◆ **EXERCISE**
Your reply should hold every entry below exactly as written and none of the pictures.
** Opening DATA block **
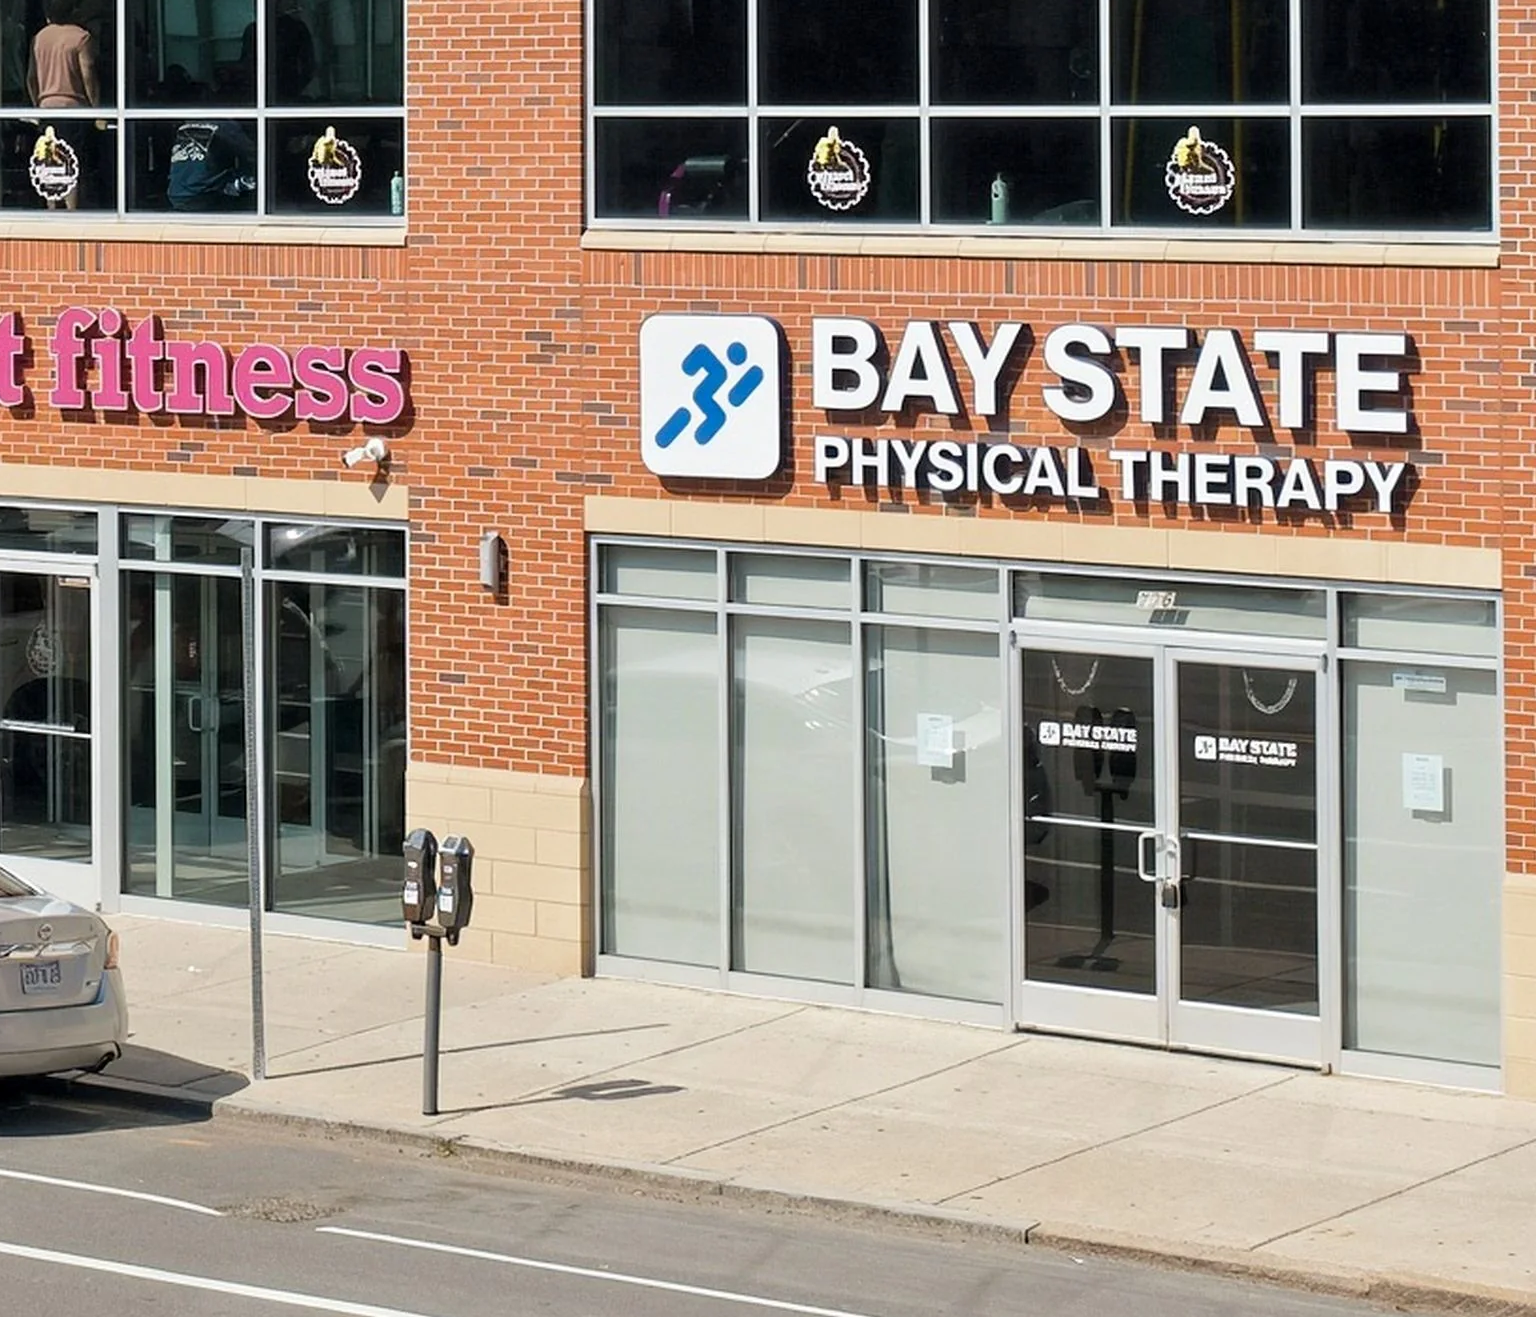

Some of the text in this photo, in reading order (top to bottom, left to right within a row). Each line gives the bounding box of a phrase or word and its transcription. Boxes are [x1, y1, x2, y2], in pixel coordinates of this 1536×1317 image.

[49, 306, 405, 424] fitness
[812, 317, 1408, 433] BAY STATE
[814, 435, 1406, 514] PHYSICAL THERAPY
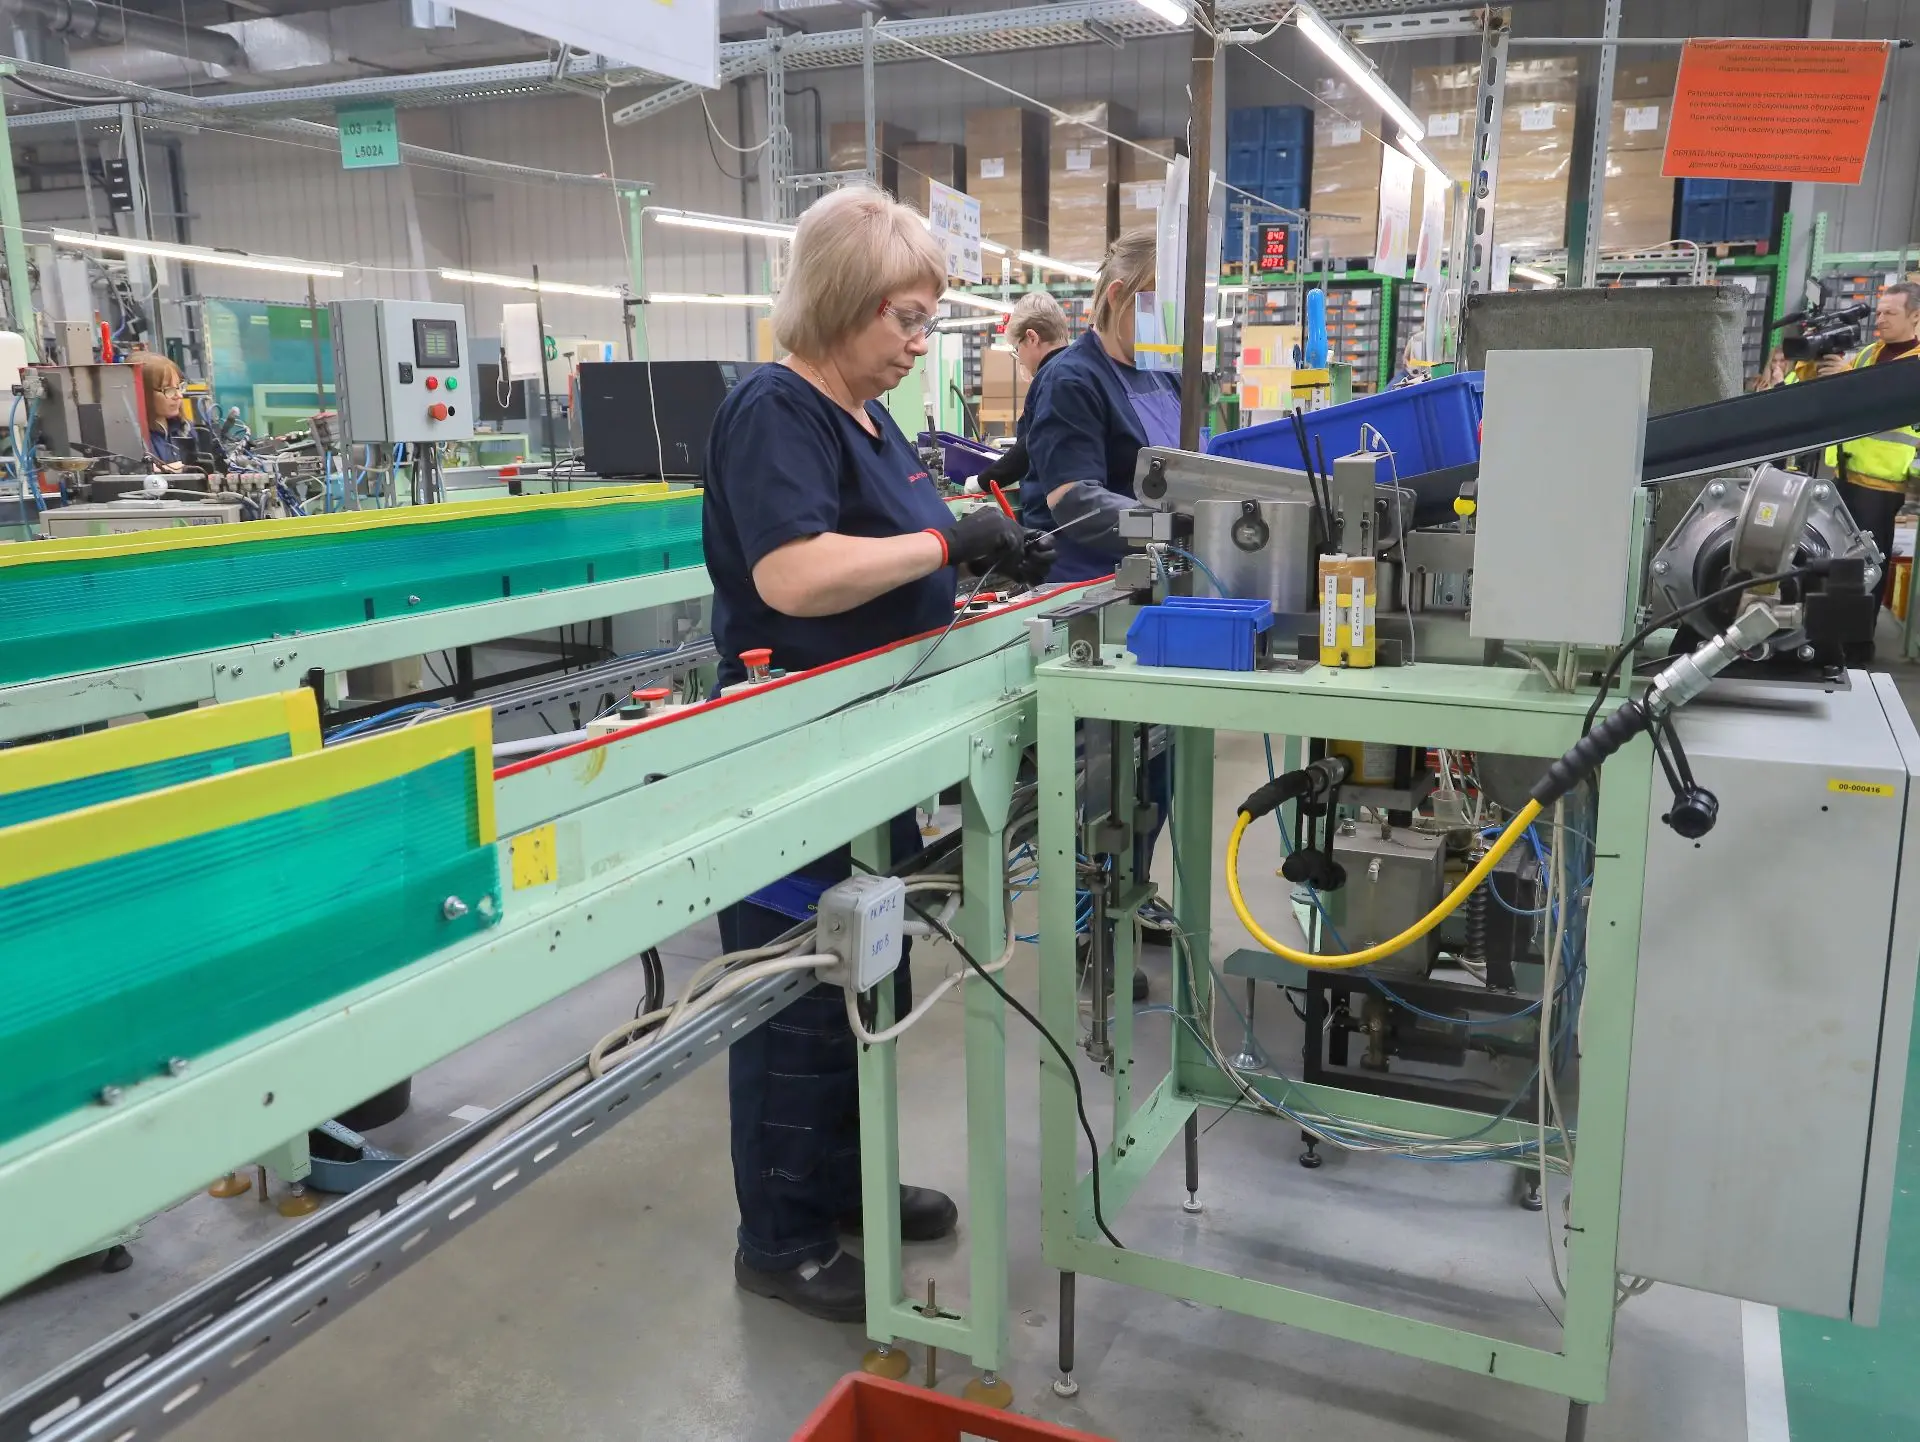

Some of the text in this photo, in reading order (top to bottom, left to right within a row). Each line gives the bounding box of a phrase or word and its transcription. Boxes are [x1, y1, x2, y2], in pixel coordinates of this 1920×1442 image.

[355, 144, 384, 158] L502A
[1673, 149, 1727, 157] ОБЯЗАТЕЛЬНО
[1838, 783, 1881, 794] 00-000416
** Closing DATA block **
◆ **EXERCISE RESPONSE**
Some of the text in this photo, in reading order (top to bottom, left to right within a row). Each line gives the bounding box of a phrase or word and its transcription. Boxes are [x1, y1, x2, y2], in pixel coordinates of this 1536×1317 image.

[49, 306, 405, 424] fitness
[812, 317, 1408, 433] BAY STATE
[814, 435, 1406, 514] PHYSICAL THERAPY

Some of the text in this photo, in reading order (top to bottom, left to right within a row). Each line gives the bounding box of a phrase or word and its transcription. Boxes are [x1, y1, x2, y2], in pixel coordinates of this 1920×1442 image.

[355, 144, 384, 158] L502A
[1673, 149, 1727, 157] ОБЯЗАТЕЛЬНО
[1838, 783, 1881, 794] 00-000416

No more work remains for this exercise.